Neurochemicals delivered directly to the gut, via probiotic (referred to as good bacteria) promote gastrointestinal health and psychological well-being, reveals a new study.
According to researchers from Texas Tech University Health Sciences Center, through a unifying process of microbial endocrinology, the probiotics could act as a delivery mechanism for neuroactive compounds that improves a host's neurological health.
"This paper proposes a new field of microbial endocrinology, where microbiology meets neuroscience," said Professor Mark Lyte.
"There is already evidence to suggest that the connection between gut microbes and the nervous system represents a viable route for influencing neurological function.

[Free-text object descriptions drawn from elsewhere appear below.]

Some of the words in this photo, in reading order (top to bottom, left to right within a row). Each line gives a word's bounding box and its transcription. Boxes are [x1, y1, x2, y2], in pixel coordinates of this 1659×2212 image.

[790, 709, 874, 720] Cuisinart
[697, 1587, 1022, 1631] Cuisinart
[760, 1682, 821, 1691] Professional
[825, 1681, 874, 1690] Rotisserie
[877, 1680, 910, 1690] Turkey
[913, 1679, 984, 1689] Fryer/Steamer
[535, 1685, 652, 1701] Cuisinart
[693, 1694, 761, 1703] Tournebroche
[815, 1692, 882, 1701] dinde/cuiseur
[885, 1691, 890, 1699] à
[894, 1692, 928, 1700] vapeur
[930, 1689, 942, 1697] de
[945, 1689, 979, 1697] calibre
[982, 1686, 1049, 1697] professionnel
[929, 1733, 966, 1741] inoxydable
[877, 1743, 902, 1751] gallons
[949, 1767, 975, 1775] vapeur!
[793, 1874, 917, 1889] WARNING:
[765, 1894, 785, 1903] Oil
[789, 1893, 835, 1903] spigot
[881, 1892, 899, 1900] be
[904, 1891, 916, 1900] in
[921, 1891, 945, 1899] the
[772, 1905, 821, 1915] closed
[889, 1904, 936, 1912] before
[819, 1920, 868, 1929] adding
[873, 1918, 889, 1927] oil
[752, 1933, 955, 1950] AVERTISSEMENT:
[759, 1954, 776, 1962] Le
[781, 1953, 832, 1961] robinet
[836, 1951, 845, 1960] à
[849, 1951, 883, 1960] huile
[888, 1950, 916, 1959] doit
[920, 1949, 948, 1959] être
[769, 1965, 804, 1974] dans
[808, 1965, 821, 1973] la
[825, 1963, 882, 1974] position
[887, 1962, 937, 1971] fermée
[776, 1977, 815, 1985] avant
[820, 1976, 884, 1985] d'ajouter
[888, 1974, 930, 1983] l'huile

A recent study in mice, for example, showed that the presence of neurochemicals such a serotonin in the bloodstream was due to direct uptake from the gut," he added.

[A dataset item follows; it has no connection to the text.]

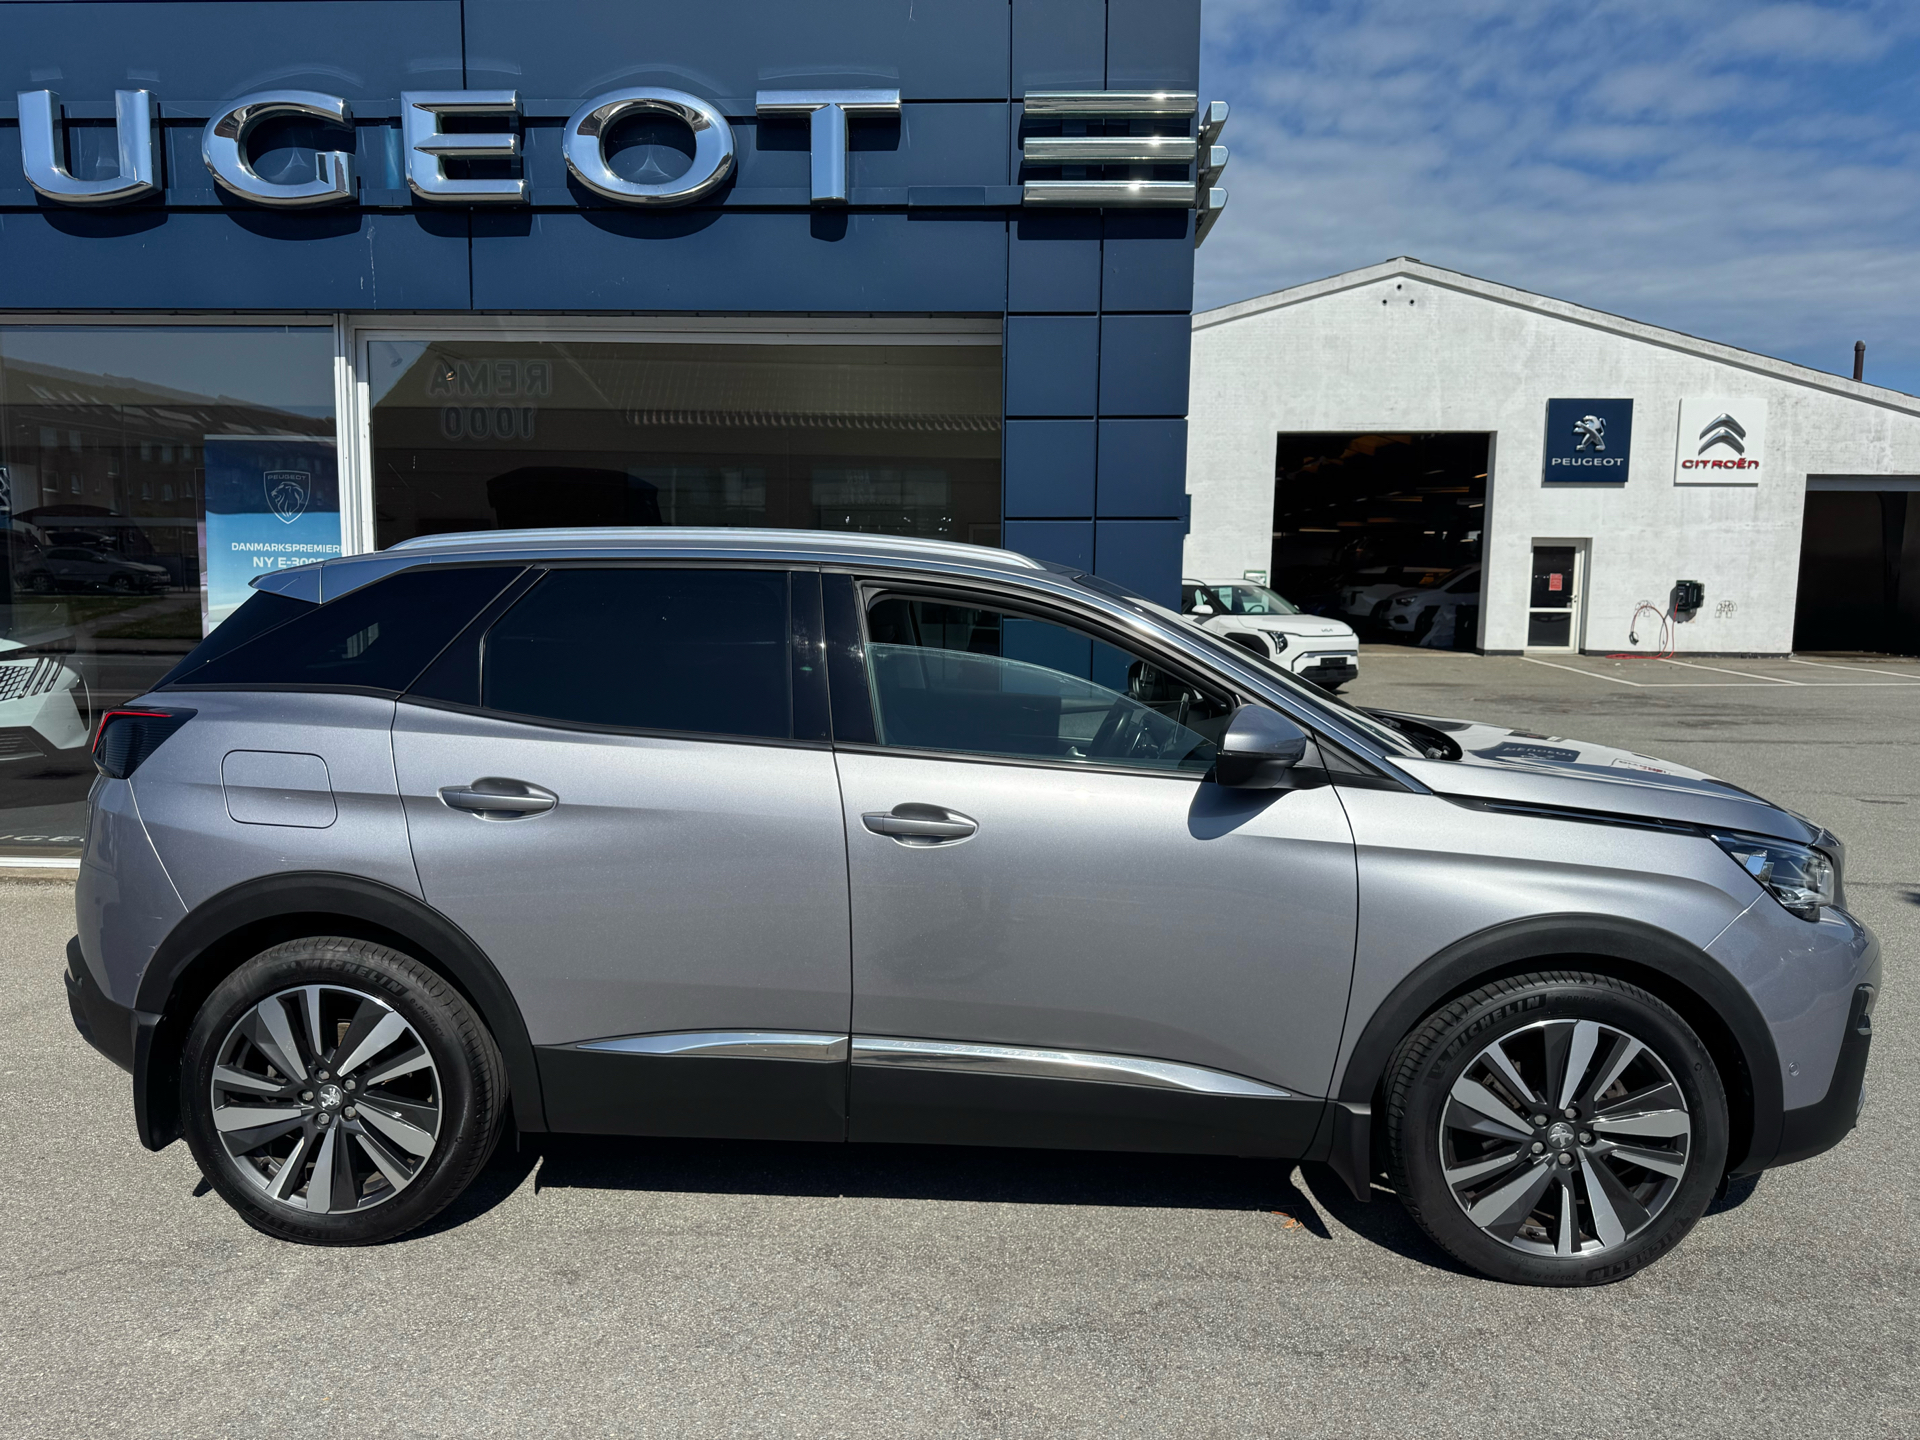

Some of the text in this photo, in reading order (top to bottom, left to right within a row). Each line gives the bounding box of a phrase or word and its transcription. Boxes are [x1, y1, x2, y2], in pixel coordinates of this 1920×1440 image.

The selection of probiotics, such as lactobacilli and bifidobacteria and the active uptake of neurochemicals, generated by bacteria in the gut and circulated through a patient's bloodstream, represents a pathway for probiotics to exert extra-intestinal effects including behavioral changes.
"The research presents an idea for selecting probiotic strains with neurological applications and linking this with immune-modulatory effects, while highlighting the fact that microbial strains already being widely ingested in fermented food can produce neurochemicals," said Professor Gregor Reid, from the University of Western Ontario.
The study has been presented in BioEssays.